-- Opening Marker --

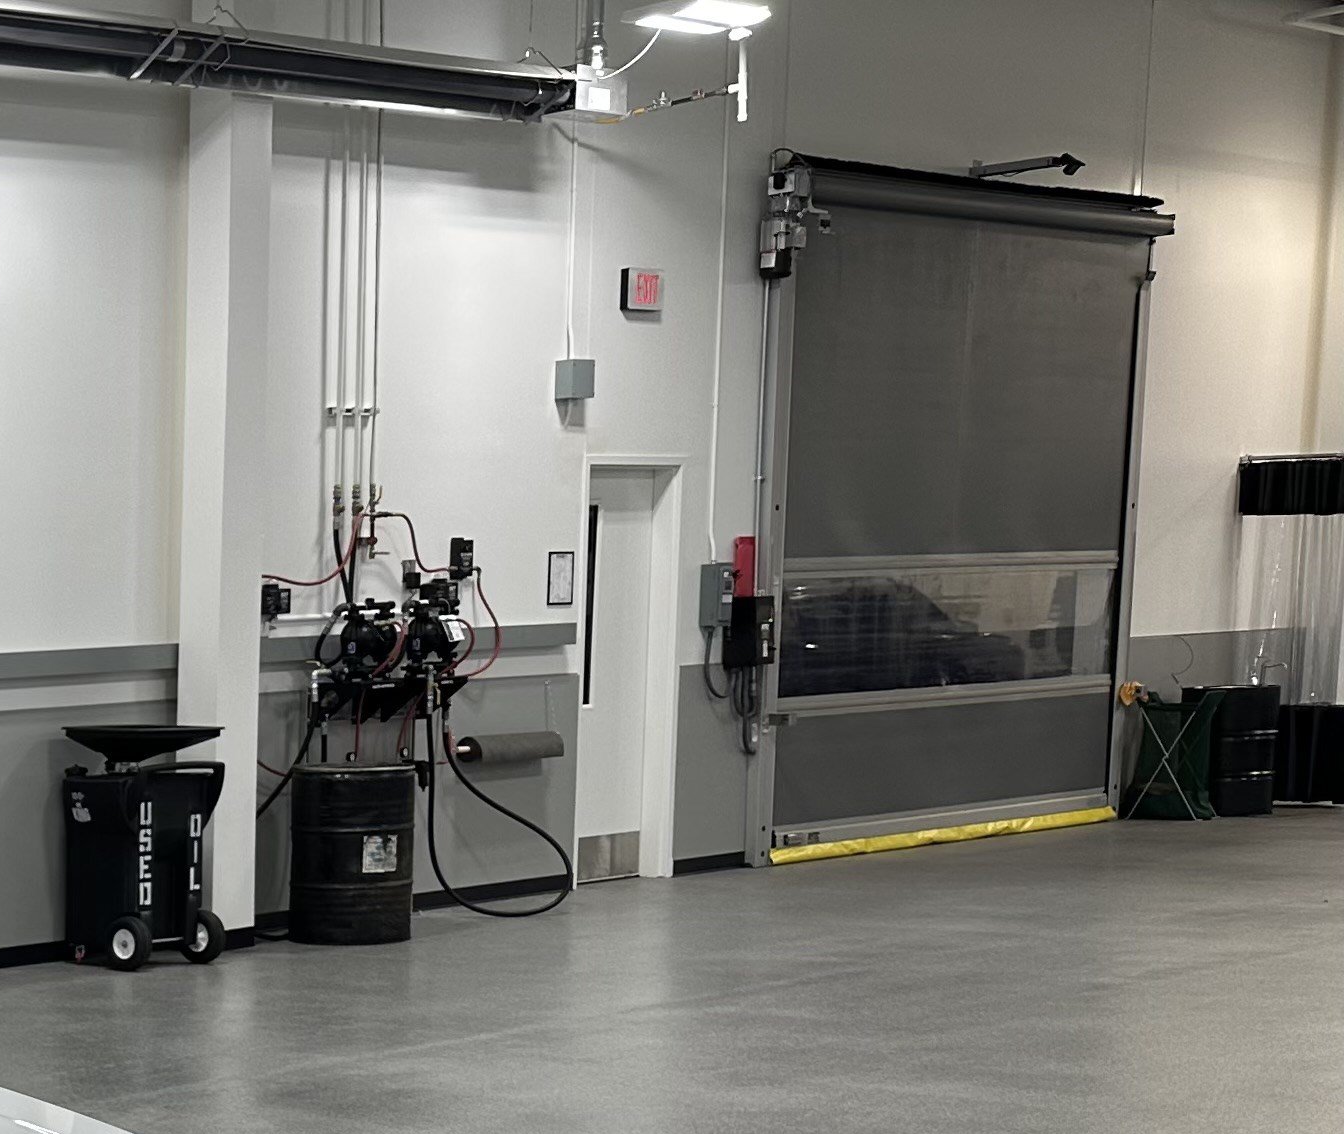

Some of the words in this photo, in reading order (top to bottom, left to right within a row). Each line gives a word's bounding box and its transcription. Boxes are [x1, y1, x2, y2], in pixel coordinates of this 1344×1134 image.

[636, 272, 659, 304] EXIT
[139, 801, 152, 906] USED
[189, 813, 201, 891] OIL
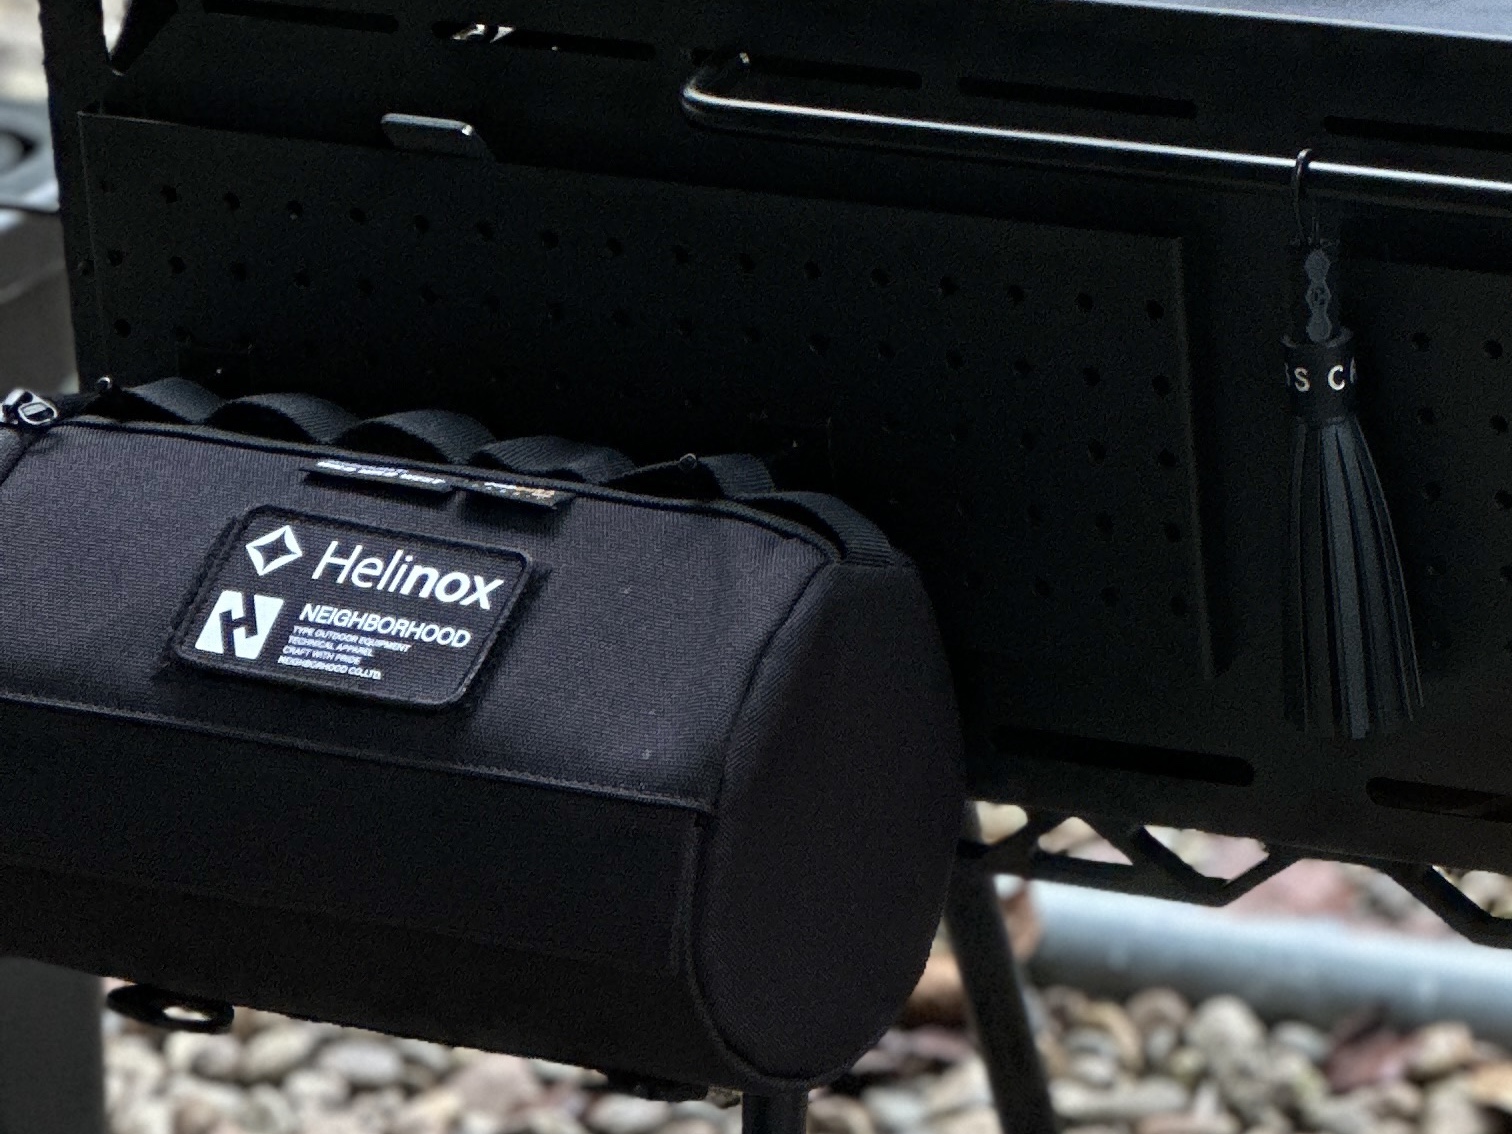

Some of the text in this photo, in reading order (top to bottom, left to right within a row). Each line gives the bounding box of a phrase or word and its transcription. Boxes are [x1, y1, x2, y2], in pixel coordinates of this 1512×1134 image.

-- Closing Marker --

_ASSIGNMENT_. Pictures are to be excluded; all other material must be transcribed exactly.

_ANSWER SPACE_.
Some of the words in this photo, in reading order (top to bottom, left to right within a row). Each line gives a word's bounding box and its transcription. Boxes are [x1, y1, x2, y2], in pixel coordinates of this 1344×1134 image.

[636, 272, 659, 304] EXIT
[139, 801, 152, 906] USED
[189, 813, 201, 891] OIL

Some of the text in this photo, in reading order (top to bottom, left to right within a row). Each line gives the bounding box of a phrase or word and its transcription. Boxes are [x1, y1, x2, y2], in pixel coordinates of this 1512×1134 image.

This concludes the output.